## EXERCISE GOAL
Copy out exactly the lines from the one containing "this 1280×1707 image." to the end of the records below, both included, and nothing else.

## TASK INPUT
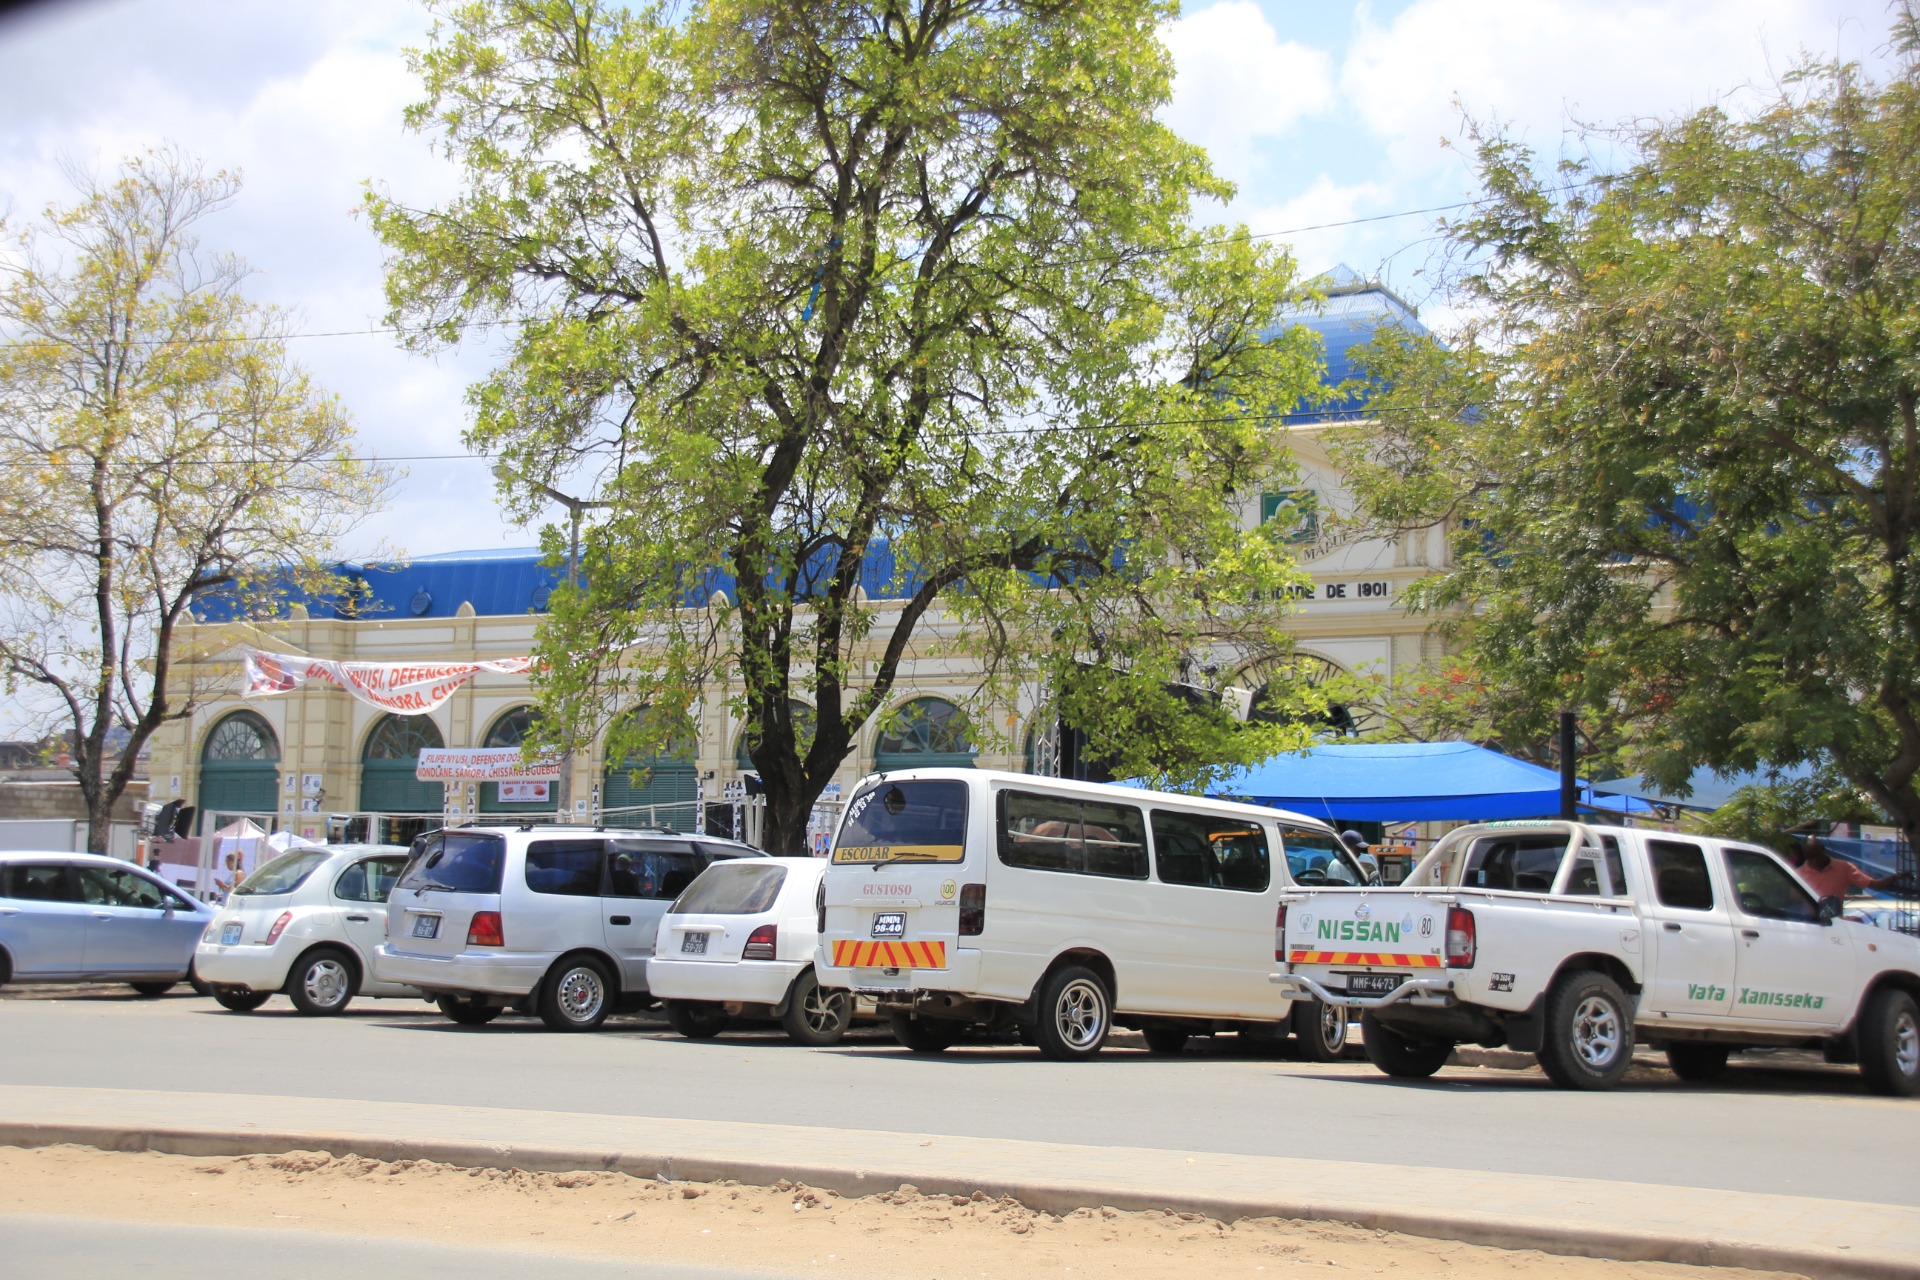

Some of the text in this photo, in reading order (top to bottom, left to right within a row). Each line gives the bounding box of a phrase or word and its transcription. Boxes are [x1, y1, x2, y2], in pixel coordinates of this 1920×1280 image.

[1326, 584, 1346, 599] DE
[1358, 582, 1387, 597] 1901
[471, 754, 506, 764] DEFENSOR
[841, 847, 889, 860] ESCOLAR
[863, 884, 912, 896] GUSTOSO
[942, 884, 955, 894] 100
[879, 915, 900, 924] MMM
[875, 924, 901, 933] 98-40
[1317, 919, 1400, 943] NISSAN
[1421, 917, 1432, 936] 80
[684, 943, 703, 953] 59-20
[1352, 977, 1394, 990] MMF-44-73
[1688, 984, 1824, 1009] Vata Xanisseka
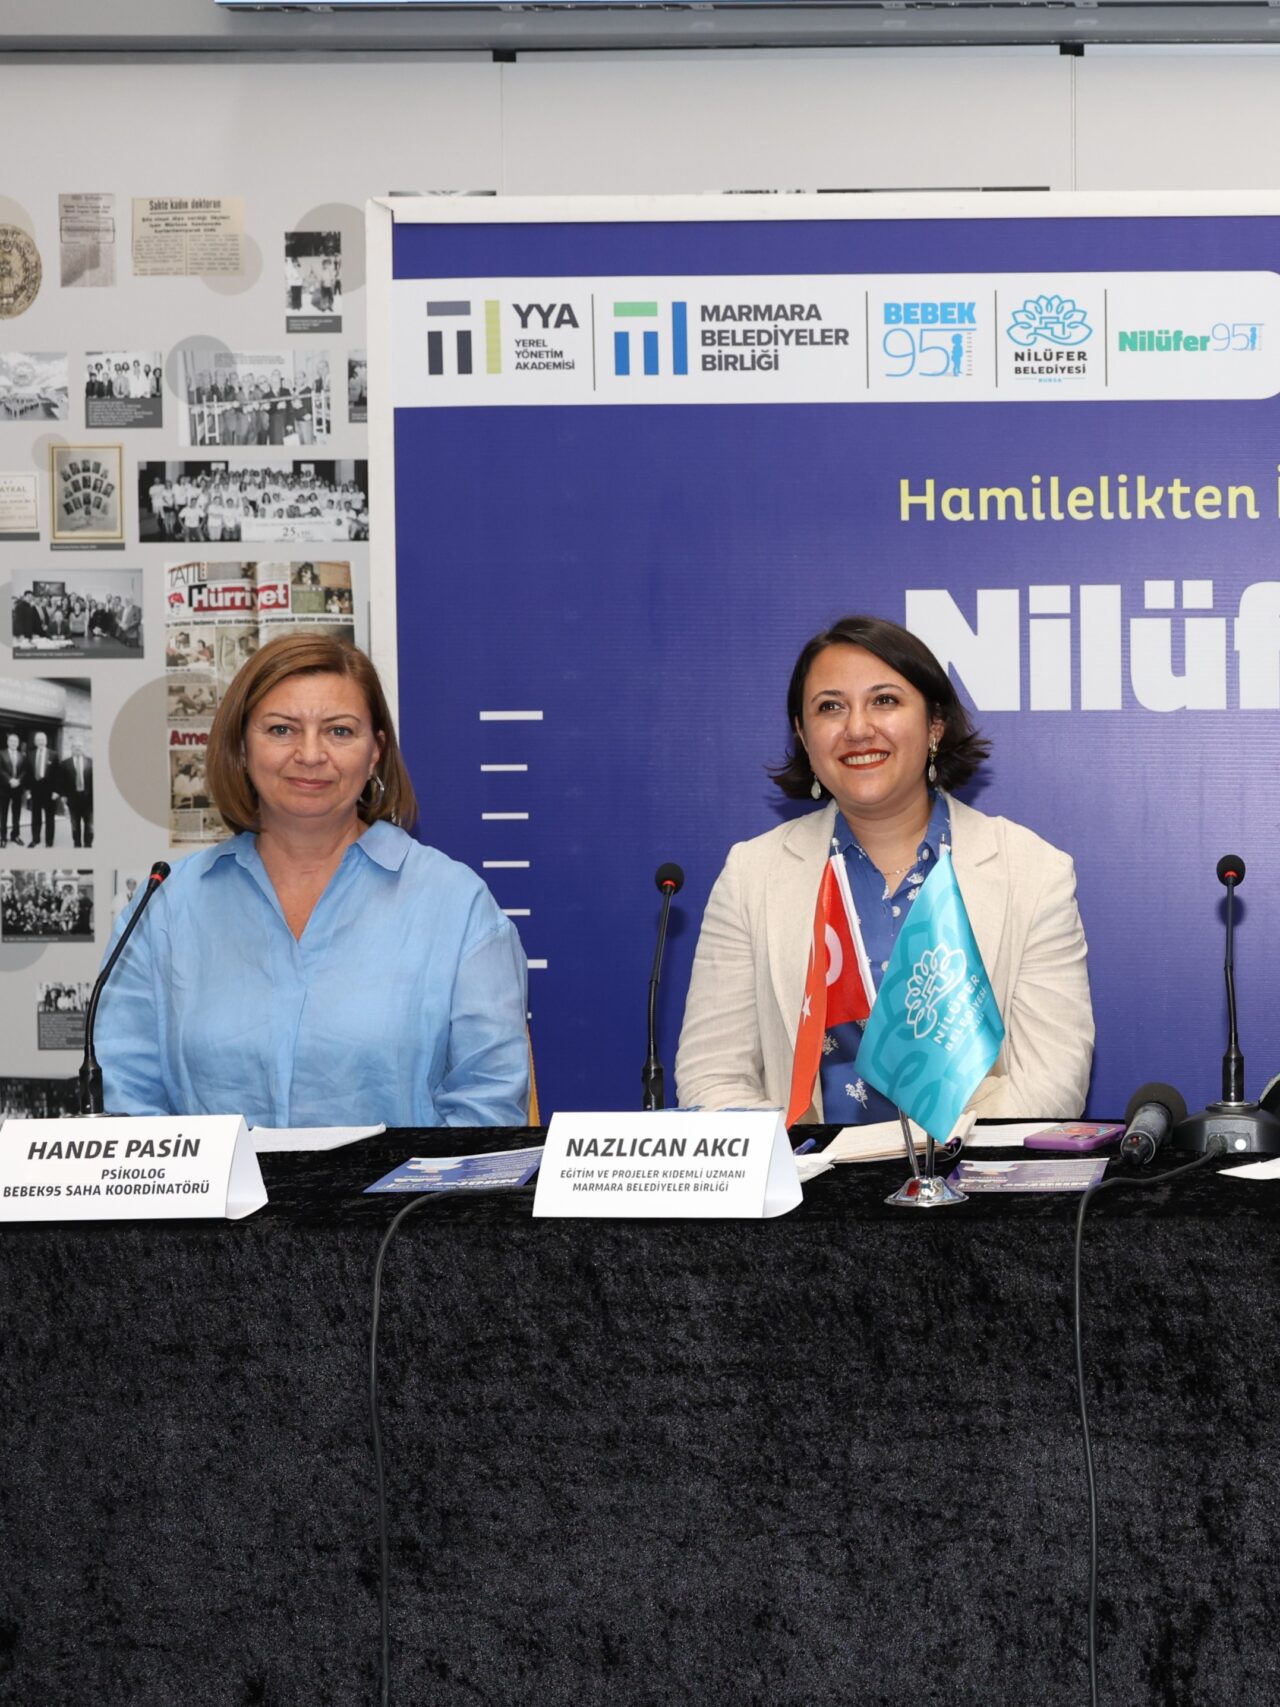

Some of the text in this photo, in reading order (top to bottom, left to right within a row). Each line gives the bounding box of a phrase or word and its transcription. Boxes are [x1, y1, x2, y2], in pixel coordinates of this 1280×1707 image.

[512, 303, 579, 329] YYA
[701, 304, 822, 323] MARMARA
[884, 302, 976, 325] BEBEK
[515, 338, 548, 348] YEREL
[701, 325, 849, 347] BELEDİYELER
[1118, 330, 1210, 352] Nilüfer
[514, 348, 563, 360] YÖNETİM
[702, 350, 779, 371] BİRLİĞİ
[883, 327, 976, 378] 95
[1014, 348, 1088, 363] NİLÜFER
[514, 360, 575, 371] AKADEMİSİ
[1014, 364, 1087, 375] BELEDİYESİ
[898, 473, 1260, 522] Hamilelikten
[27, 1133, 201, 1160] HANDE PASİN
[565, 1137, 750, 1158] NAZLICAN AKCI
[100, 1165, 166, 1180] PSİKOLOG
[559, 1167, 746, 1180] EĞİTİM VE PROJELER KIDEMLİ UZMANI
[2, 1180, 210, 1198] BEBEK95 SAHA KOORDİNATÖRÜ
[572, 1179, 729, 1192] MARMARA BELEDİYELER BİRLİĞİ

## OUTPUT OF THE TASK
Some of the text in this photo, in reading order (top to bottom, left to right within a row). Each line gives the bounding box of a phrase or word and its transcription. Boxes are [x1, y1, x2, y2], in pixel coordinates of this 1280×1707 image.

[512, 303, 579, 329] YYA
[701, 304, 822, 323] MARMARA
[884, 302, 976, 325] BEBEK
[515, 338, 548, 348] YEREL
[701, 325, 849, 347] BELEDİYELER
[1118, 330, 1210, 352] Nilüfer
[514, 348, 563, 360] YÖNETİM
[702, 350, 779, 371] BİRLİĞİ
[883, 327, 976, 378] 95
[1014, 348, 1088, 363] NİLÜFER
[514, 360, 575, 371] AKADEMİSİ
[1014, 364, 1087, 375] BELEDİYESİ
[898, 473, 1260, 522] Hamilelikten
[27, 1133, 201, 1160] HANDE PASİN
[565, 1137, 750, 1158] NAZLICAN AKCI
[100, 1165, 166, 1180] PSİKOLOG
[559, 1167, 746, 1180] EĞİTİM VE PROJELER KIDEMLİ UZMANI
[2, 1180, 210, 1198] BEBEK95 SAHA KOORDİNATÖRÜ
[572, 1179, 729, 1192] MARMARA BELEDİYELER BİRLİĞİ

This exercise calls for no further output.